The reasons why tracing was stopped, against WHO recommendations, have not been published. It seems to be connected to a shift from “contain” to “delay” in the government’s action plan,11 when contact tracing was replaced rather than supplemented with other control measures.
One reason seems to be a lack of tests and testing facilities. However, testing is a support not a substitute for tracing or medical observation, which is crucial. Current tests for the virus require careful validation and have low sensitivity, resulting in many false negative results, especially in the pre-symptomatic phase when viral load is low. As many as 40-50% of patients tested negative initially in China, and so the definition of confirmed cases was changed to include those with clinical symptoms.1213
Need for local response
Another factor is the decision to treat the situation as a single national epidemic rather than scores of local outbreaks each at different stages, needing to be tackled locally. National figures conceal huge variation in confirmed cases, ranging from over 400 in Birmingham and Hampshire to fewer than 20 in Blackpool, Hartlepool, Darlington, and Rutland. In Scotland the first case was identified on 1 March, and Orkney and the Western Isles still have no cases.

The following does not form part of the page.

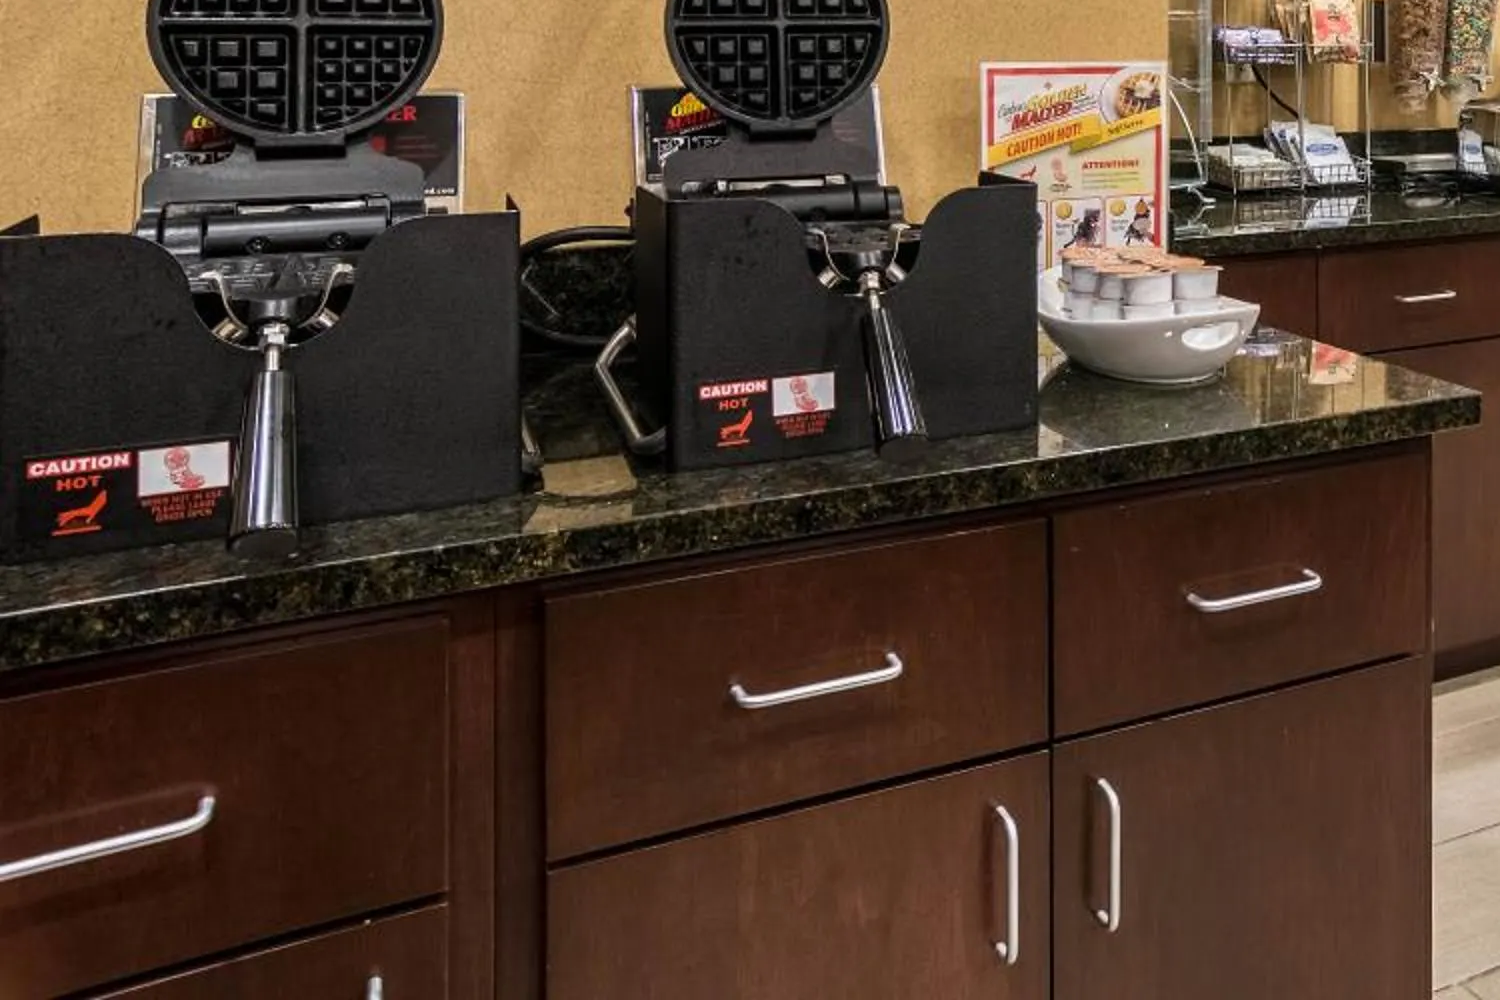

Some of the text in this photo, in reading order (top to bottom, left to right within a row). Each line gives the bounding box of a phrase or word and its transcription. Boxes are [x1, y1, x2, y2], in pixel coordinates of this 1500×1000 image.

In the much less severe H1N1 flu pandemic in 2009, this same approach “seriously impaired the ability of local agencies to respond in a flexible, timely and pragmatic way to the rapidly emerging situation.”14
Matters have worsened since 2009. Central control in England was entrenched by the 2012 Health and Social Care Act, which created Public Health England (PHE) to protect the health of the public in England and gave local authorities the duty to improve the health of their local populations. PHE is legally in charge of communicable disease control and sits outside the NHS and local government in its regional hubs and field epidemiological services. Directors of public health in local authorities have little scope for proactively taking local control.
These changes are exacerbated by the decimation of public health and laboratory facilities for testing. The decrease in numbers of consultants in communicable disease control and community control teams,15 together with swingeing local authority cuts since 2010, have reduced the chances of a strong local response. Local pathology and virology services have been centralised and partly privatised, leading to a fragmented mix of for-profit and public laboratories and serious staff shortages.16171819
Listen to disease control evidence
The scientific evidence has been dominated by behavioural science and mathematical modelling, with communicable disease control and public health sidelined. This leads to a lack of scientific challenge, as in the 2009 flu epidemic.20
So what now? WHO’s mantra of “trace, test, and treat” must be followed. It is not too late to adopt WHO Guidance.2122 A second and third wave of the epidemic is likely. Contact tracing must recommence. This means immediately instituting a massive, centrally coordinated, locally based programme of case finding, tracing, clinical observation, and testing. It requires large teams of people, including volunteers, using tried and tested methods updated with social media and mobile phones and adapting the manuals and guidance published by China.2324
The structure and capacity of our depleted healthcare system is now largely driving the response to this epidemic. It will continue to do so until services that support local communicable disease control are rebuilt and reintegrated.
Competing interests: We have read and understood BMJ policy on declaration of interests and declare BP is a former consultant in communicable disease control.
Provenance and peer review: Commissioned; not externally peer reviewed.